UCCISE GIADA SULL’A4: ERGASTOLO PER ANDREA FAVERO
È stato condannato all'ergastolo, Andrea Favero. massimo della pena per il 39enne camionista di Vigonza, a processo davanti alla Corte d'assise del Tribunale di Padova con l'accusa di aver ucciso, nella notte tra il 28 e il 29 maggio del 2024, l'ex compagna Giada Zanola, con cui ancora conviveva. La ragazza, che con lui aveva all'epoca un figlioletto di soli tre anni, voleva lasciarlo. Lui, quella notte, secondo l'accusa l'aveva imbottita di psicofarmaci, l'aveva caricata in auto e poi, dal cavalcavia sopra l'autostrada, l'aveva gettata sull'A4 dove, travolta da auto e camion in transito all'alba, il suo copro era stato straziato.
La corte ha riconosciuto l'impianto accusatorio della Procura, che aveva chiesto l'ergastolo per l'imputato. Alla lettura della sentenza, ergastolo è stato, ma è caduto l'aggravante della premeditazione. Bisognerà attendere le motivazioni, entro i prossimi 90 giorni, per capire quali considerazioni abbiano fatto i giudici. Dopo quasi quattro ore di camera di consiglio, la famiglia di Giada, originaria del bresciano, si è lasciata andare alle lacrime, per la fine di un processo durissimo. A cominciare dal padre, che ha affidato il suo pensiero chiedendoci volutamente di non essere inquadrato.
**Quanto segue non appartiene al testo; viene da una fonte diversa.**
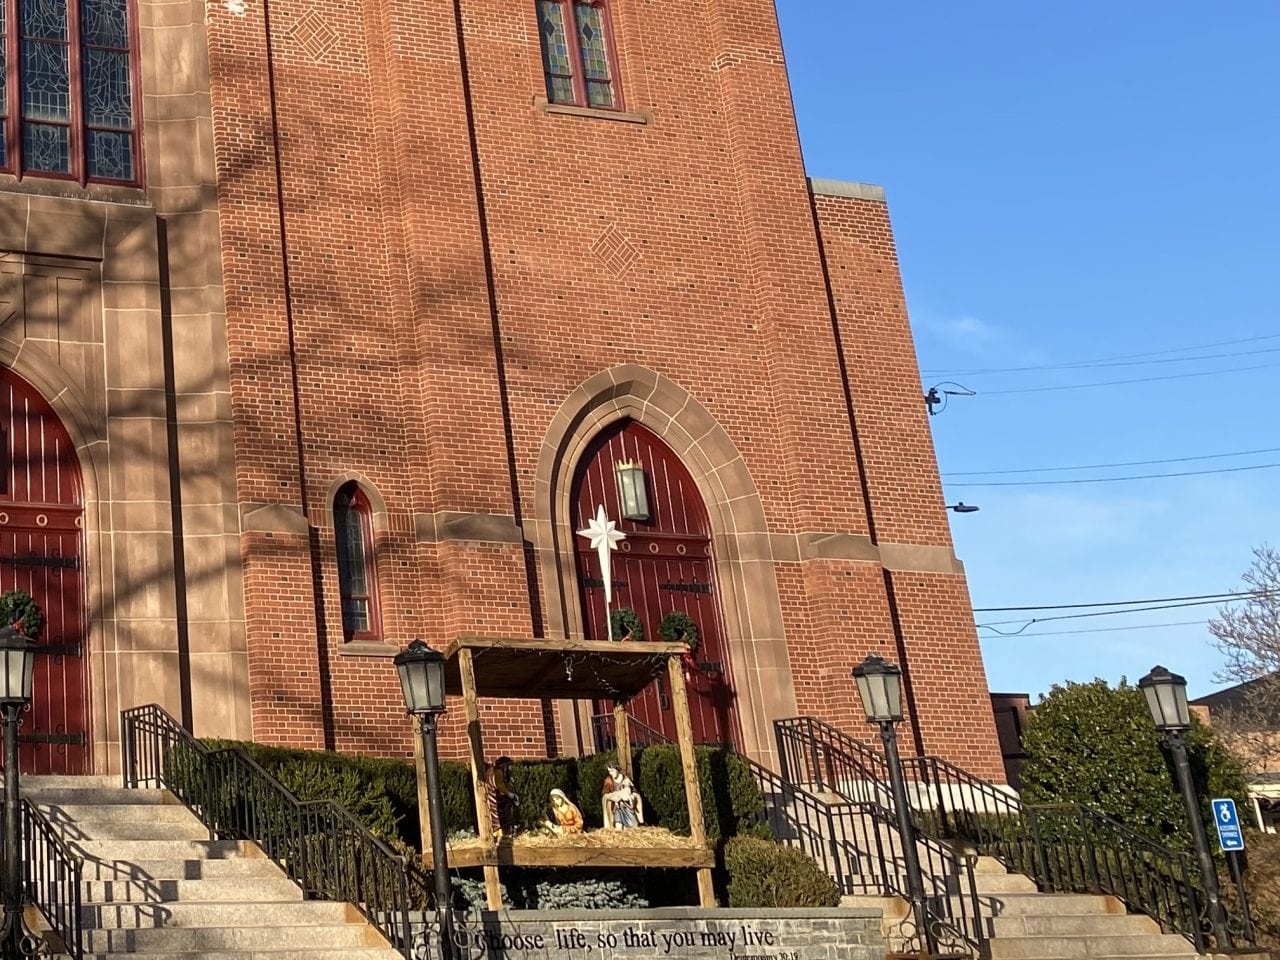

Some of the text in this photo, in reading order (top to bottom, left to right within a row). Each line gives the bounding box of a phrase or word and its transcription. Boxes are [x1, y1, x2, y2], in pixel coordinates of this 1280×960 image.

[556, 928, 593, 953] life,
[597, 932, 617, 949] so
[623, 927, 658, 948] that
[661, 931, 697, 953] you
[699, 931, 736, 952] may
[741, 924, 775, 946] live
La difesa di Favero aveva provato a smontare punto per punto, la tesi della procura. E qualche dubbio ai giurati dev'essere sorto, nella ricostruzione dei fatti, visto che la premeditazione è caduta. Ciò non è bastato però per l'imputato per evitare l'ergastolo, riconosciuto colpevole di omicidio volontario aggravato e violenza sessuale. Alla lettura della sentenza, due famiglie distrutte. Quella di Giada, certamente, ma tra le lacrime c'era anche il padre dell'imputato, presente nel retro dell'aula, incapace di darsi pace.